Maimane left the DA in November last year after a three-member organisational review panel, including former party leader Tony Leon, recommended that he step down from his leadership position following a poor electoral outcome for the DA in the 2019 general elections.
Maimane on Wednesday said he would be forming not his own political party but rather an civil society activist organisation, the Movement for One South Africa (Mosa), to campaign for political and socio-economic reform.
He said such a movement had been at the forefront of changes in several countries on the African continent, including Zimbabwe and Kenya, as well as further afield, such as in France.
Maimane said Mosa would be convening its consultative meeting within a fortnight to fine-tune its policy proposals before officially launching in March.
He said Mosa would have a council in all nine provinces, as well as a national council, while allowing ordinary citizens equal participation in its activities and affairs. It would rely on individual membership fees of R25 to crowdfund its operations.

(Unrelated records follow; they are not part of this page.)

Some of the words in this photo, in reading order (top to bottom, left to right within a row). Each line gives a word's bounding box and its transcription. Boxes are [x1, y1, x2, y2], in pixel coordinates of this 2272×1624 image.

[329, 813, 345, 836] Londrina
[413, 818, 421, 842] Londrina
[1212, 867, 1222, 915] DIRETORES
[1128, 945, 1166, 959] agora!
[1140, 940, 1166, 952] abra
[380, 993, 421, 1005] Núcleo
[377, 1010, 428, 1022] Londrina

Maimane added that he was not setting up a political party because he simply believed that were already too many political parties in the country.

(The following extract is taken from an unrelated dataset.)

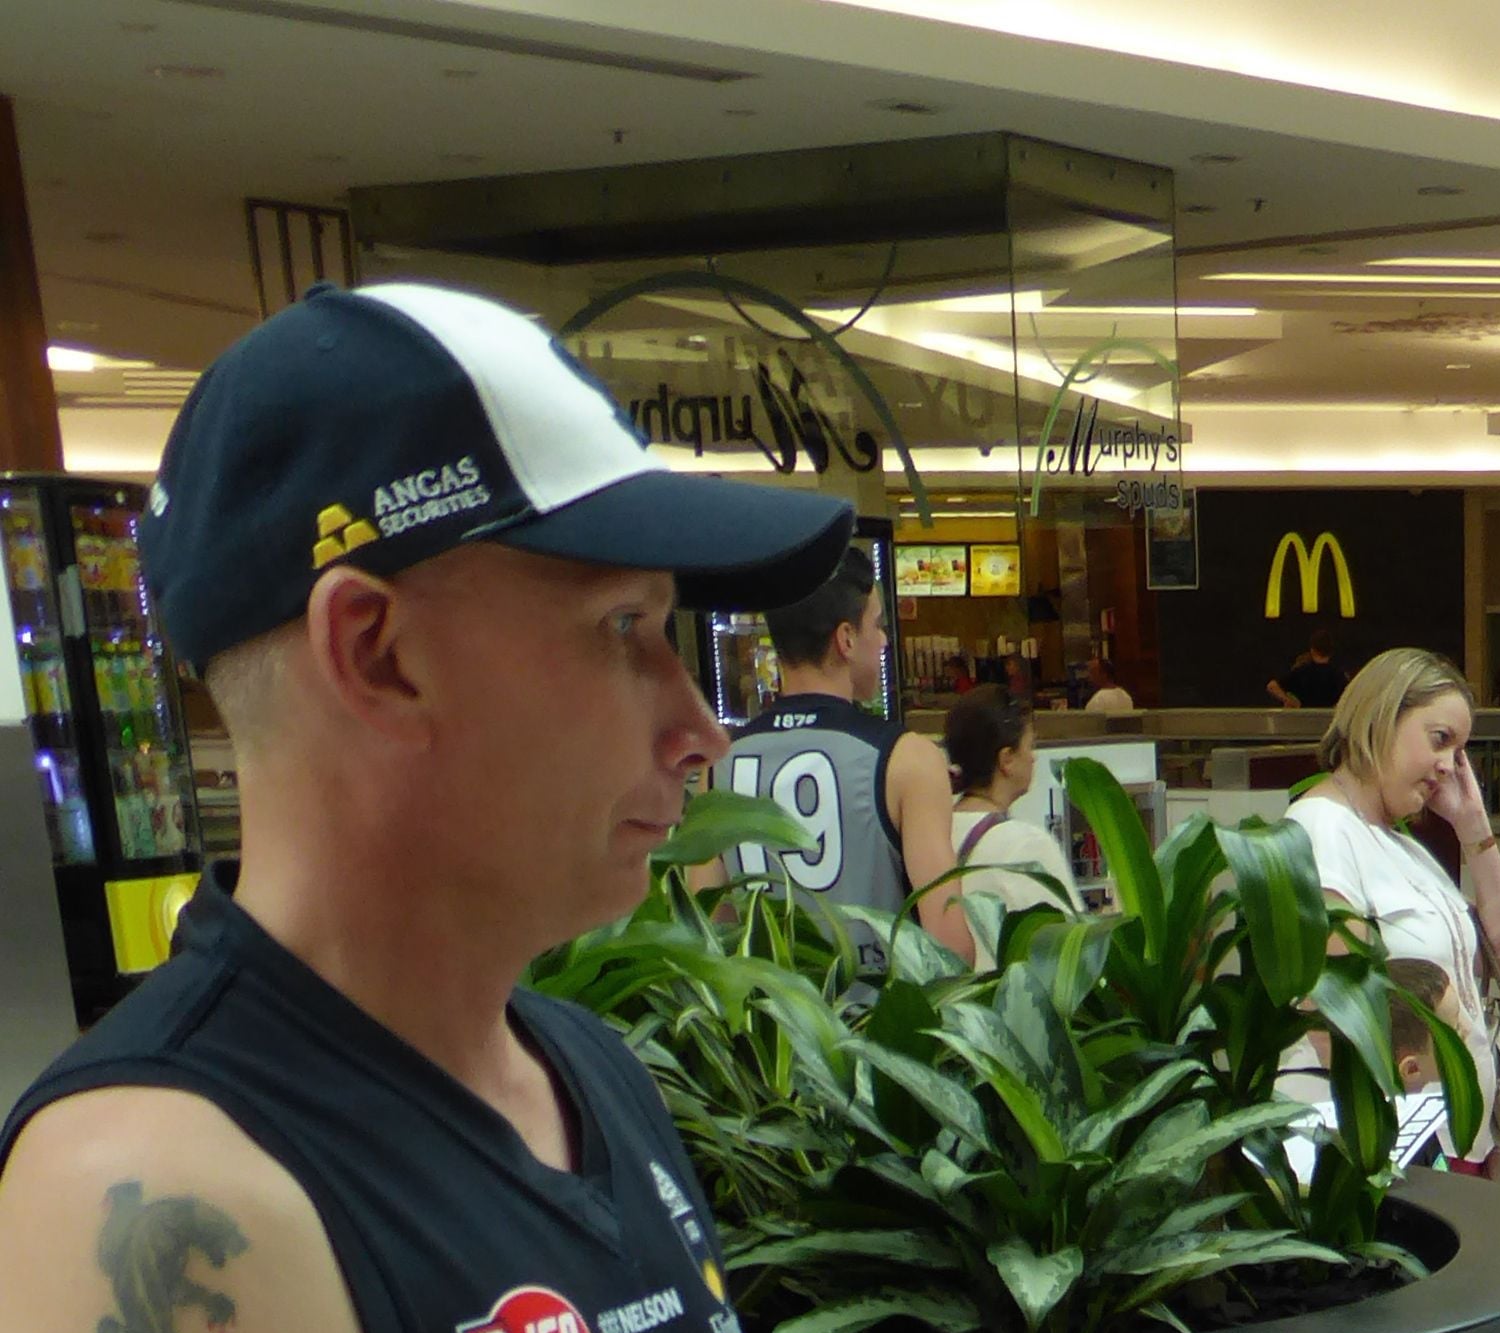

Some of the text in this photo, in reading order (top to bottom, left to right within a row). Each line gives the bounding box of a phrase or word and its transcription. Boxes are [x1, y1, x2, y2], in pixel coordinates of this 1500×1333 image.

"If I was an ANC strategist, what I would do is to ask for more parties in SA - because the more you have, the more you confuse voters."
Maimane was recently embroiled in an ugly Twitter spat with DA MPs after he called their interim leader John Steenhuisen a "Judas", implying he was a sellout.
This was after Steenhuisen, who had served as Maimane's chief whip in parliament, told a radio station that the DA under Maimane's leadership focused too much on bashing the ANC instead of its own policies and internal dynamics.
Maimane on Wednesday appeared to back down on his attack against Steenhuisen.
"In the Twitter climate you always have multiple people who manage your account, so there's a lot of language that goes with that. I'm not too concerned about it. We had enthusiastic people. I don't have a problem," he said.
"I don't hate John Steenhuisen. I have no problem with those people - I actually wish them well. Whatever vitriol that's being spewed on social media is not something that I want to advance in this country. It's not a culture or practice that I want."